La pregunta vuelve cada cierto tiempo con otro nombre. Pasó con diseño de interacción. Pasó con UX. Pasó con product design. Está pasando ahora con IA y con la figura del builder.
El patrón se repite: aparece una presión nueva, el título anterior empieza a quedar corto, la industria busca un nombre que ordene la ansiedad y durante un tiempo ese nombre funciona. Da pertenencia. Da lenguaje. Da un borde.
Hasta que el borde se mueve otra vez.
La parte incómoda no es que los roles cambien, eso es parte de su naturaleza. La parte incómoda es que el rol dejó de servir como apoyo suficiente para toda la identidad profesional.
Los roles siguen sirviendo, pero para otra cosa
No tiene sentido negar el valor práctico de los roles. Me tocó definir roles, diseñar equipos y reclutar más de una vez; hacerlo sin roles claros es muy difícil.
Cuando toca contratar o armar un equipo, el rol sirve para decisiones muy concretas: a quién buscar, cuánto pagar, qué esperar de alguien senior, qué responsabilidad no puede quedar en el aire. Para eso, los roles siguen siendo útiles. Una ruta de carrera, una descripción de cargo o una matriz de competencias evita que cada decisión dependa sólo de intuición o política interna.
Por eso, no digo esto desde una posición anti-rol. Me interesan los modelos de roles, rutas de carrera, matrices de skills, definiciones de madurez y sistemas de assessment porque hacen visible algo que de otro modo queda implícito: qué se espera de una persona, cómo puede crecer, qué capacidades necesita desarrollar y cómo una organización decide con más justicia.
También sé, por esa misma experiencia, que un buen modelo de roles no es sólo una tabla bonita para performance review. Ahí se juegan reclutamiento, compensación, desarrollo profesional, feedback, staffing, formación y la posibilidad de que una persona proyecte su crecimiento sin depender de conversaciones arbitrarias sobre seniority.
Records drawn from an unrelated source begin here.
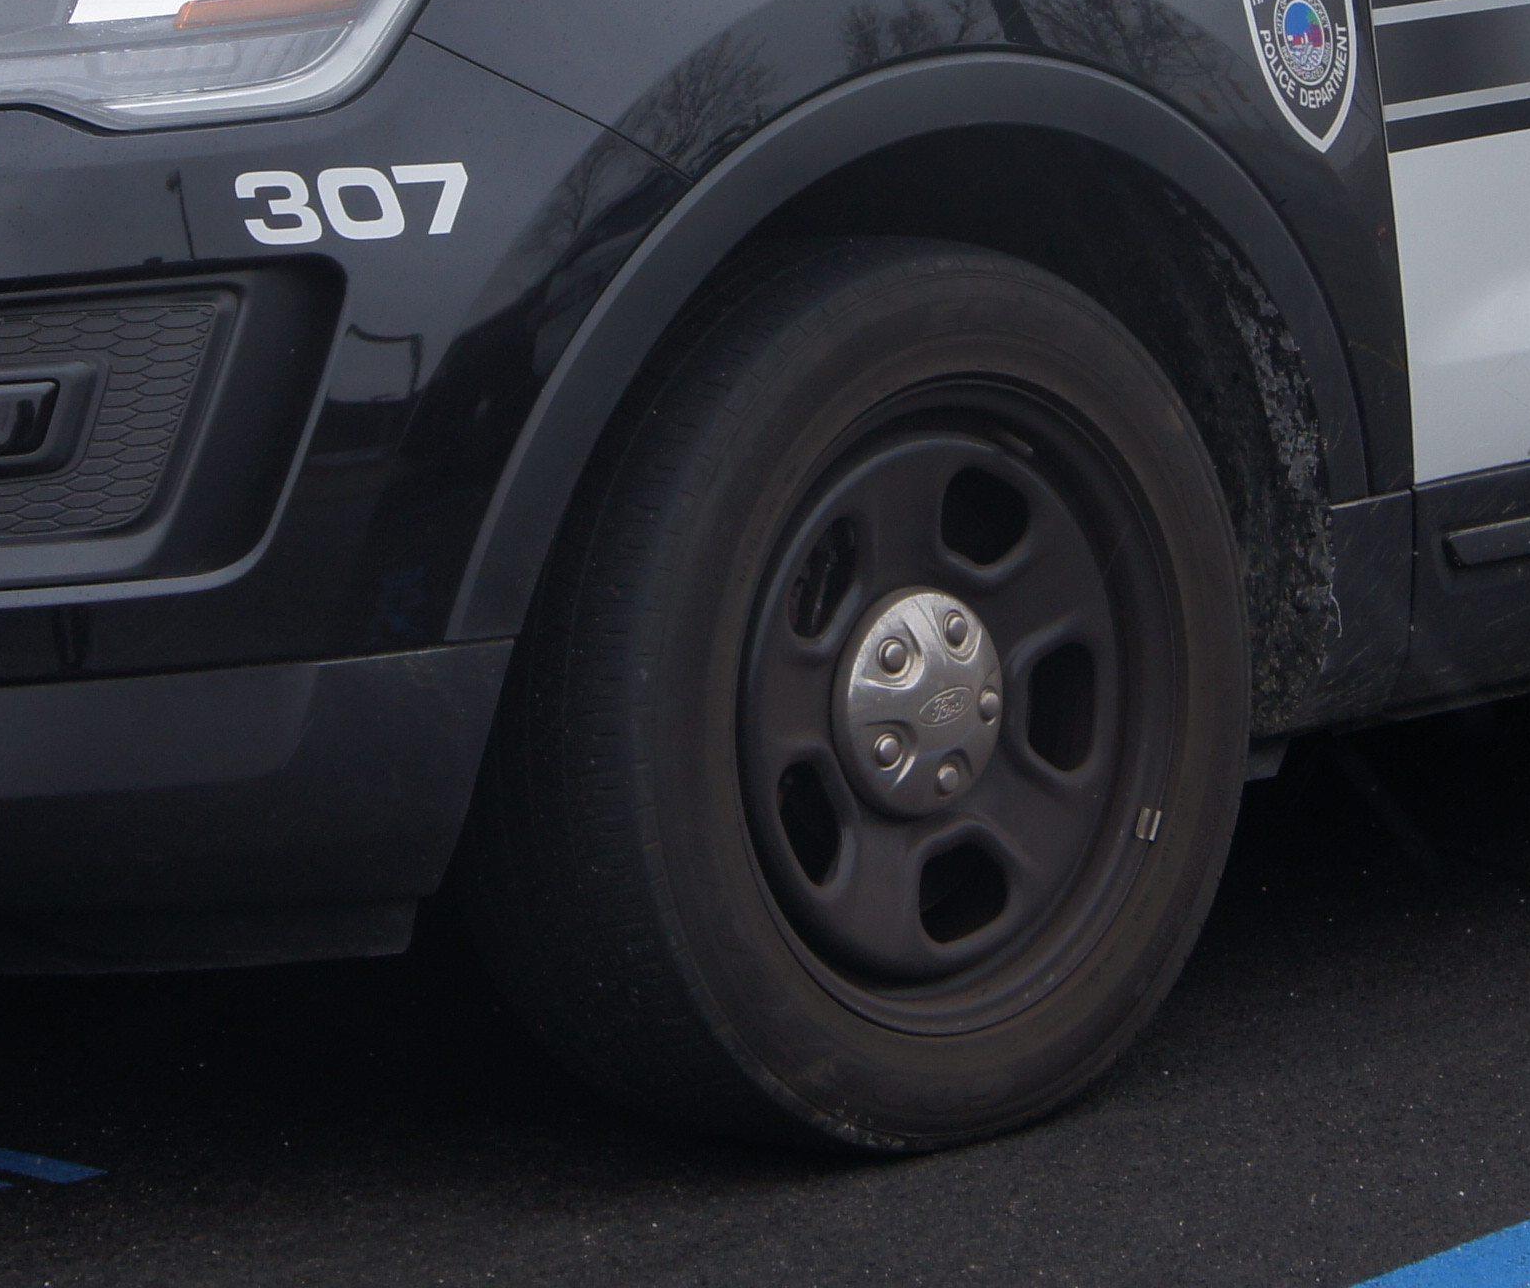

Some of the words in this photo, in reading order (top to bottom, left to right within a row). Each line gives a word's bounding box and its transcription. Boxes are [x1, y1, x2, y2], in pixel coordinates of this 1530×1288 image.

[1259, 29, 1295, 100] POLICE
[1299, 23, 1347, 110] DEPARTMENT
[235, 162, 468, 245] 307
[931, 693, 965, 724] Ford
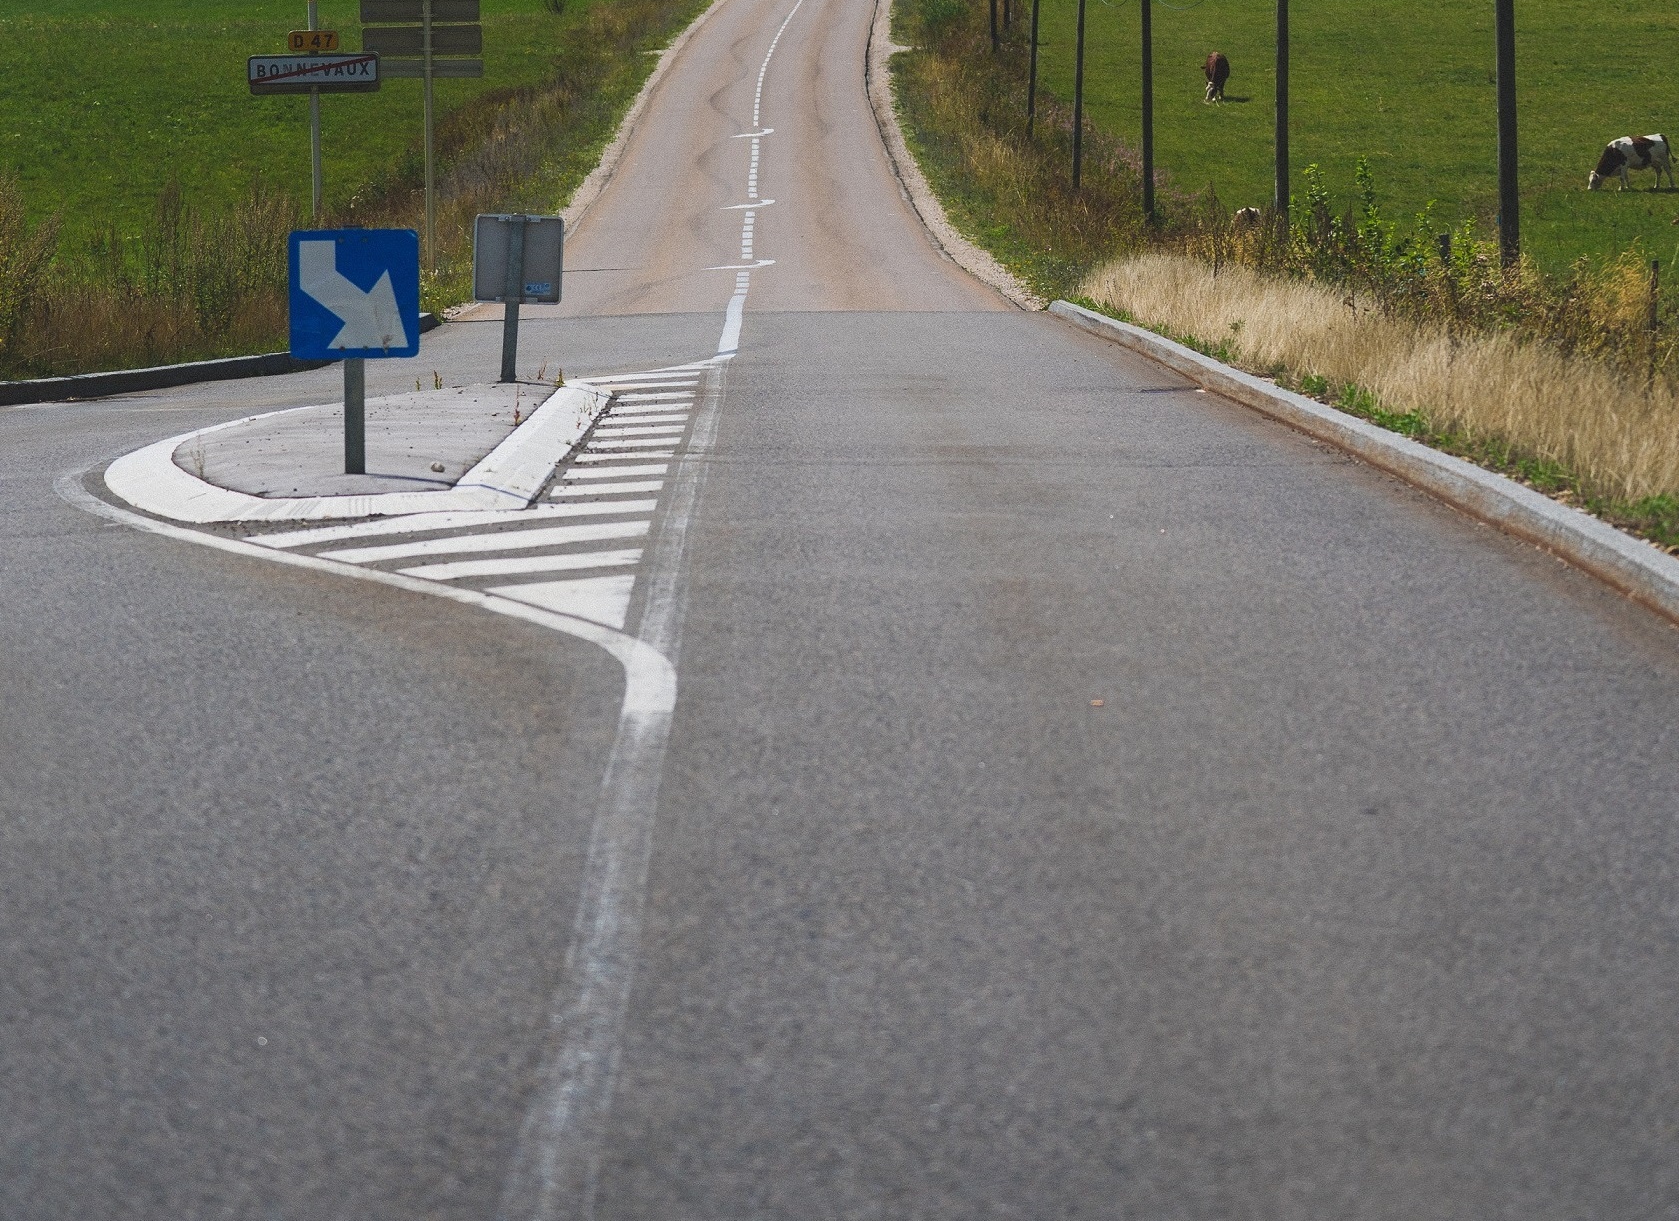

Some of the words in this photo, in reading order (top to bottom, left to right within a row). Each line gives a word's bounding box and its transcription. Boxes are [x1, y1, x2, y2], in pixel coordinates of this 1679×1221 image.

[293, 34, 304, 48] D
[310, 34, 334, 48] 47
[256, 60, 370, 78] BONNEVAUX
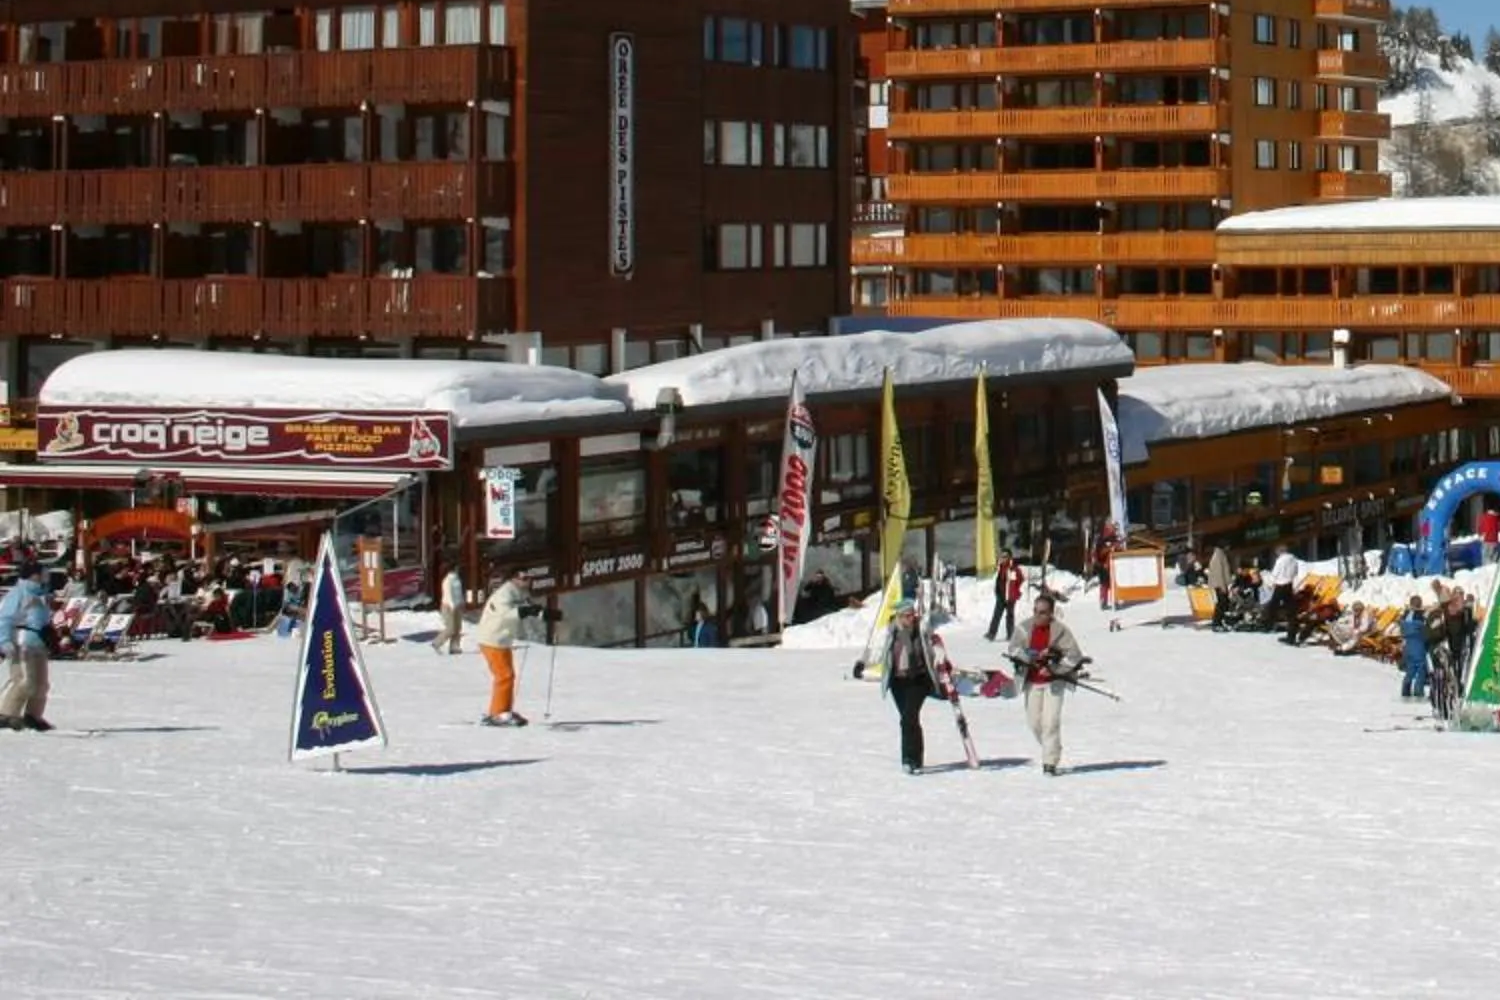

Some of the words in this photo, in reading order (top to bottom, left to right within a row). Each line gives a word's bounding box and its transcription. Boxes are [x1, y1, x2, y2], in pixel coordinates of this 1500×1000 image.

[617, 115, 629, 164] DES
[617, 169, 629, 268] PISTES
[305, 433, 339, 442] FAST
[345, 435, 383, 443] FOOD
[314, 443, 375, 453] PIZZERIA
[373, 425, 401, 434] BAR
[781, 453, 808, 529] 2000
[1426, 467, 1489, 510] ESPACE
[581, 557, 617, 578] SPORT
[617, 553, 644, 572] 2000
[322, 630, 336, 699] Evolution
El problema aparece cuando esa utilidad administrativa se confunde con la forma real del trabajo.
Un rol es una caja aproximada. Ayuda a coordinar, pero no describe del todo a la persona. Y en producto esa distancia siempre existió: el trabajo real suele cruzar conversaciones, decisiones y responsabilidades que no caben limpias dentro del título.
La IA no inventa esa tensión. La deja más a la vista.
Cuando una persona puede pasar más rápido de idea a prototipo, cuando un PM puede acercarse a una interfaz funcional, cuando un diseñador puede operar herramientas que antes exigían otra especialidad, cuando un equipo reduce capas de handoff, lo que se vuelve difuso no es sólo la ejecución. También se vuelve difusa la frontera desde la que cada uno justifica su aporte.
El rol como tribu se vuelve insuficiente
En diseño, el rol no ha sido sólo una categoría laboral. También ha sido una forma de pertenecer.
Decir UX, Research, Product Designer o Service Designer muchas veces significaba compartir referencias, herramientas, frustraciones, lenguaje y una cierta manera de mirar el mundo. El rol daba una tribu, una comunidad.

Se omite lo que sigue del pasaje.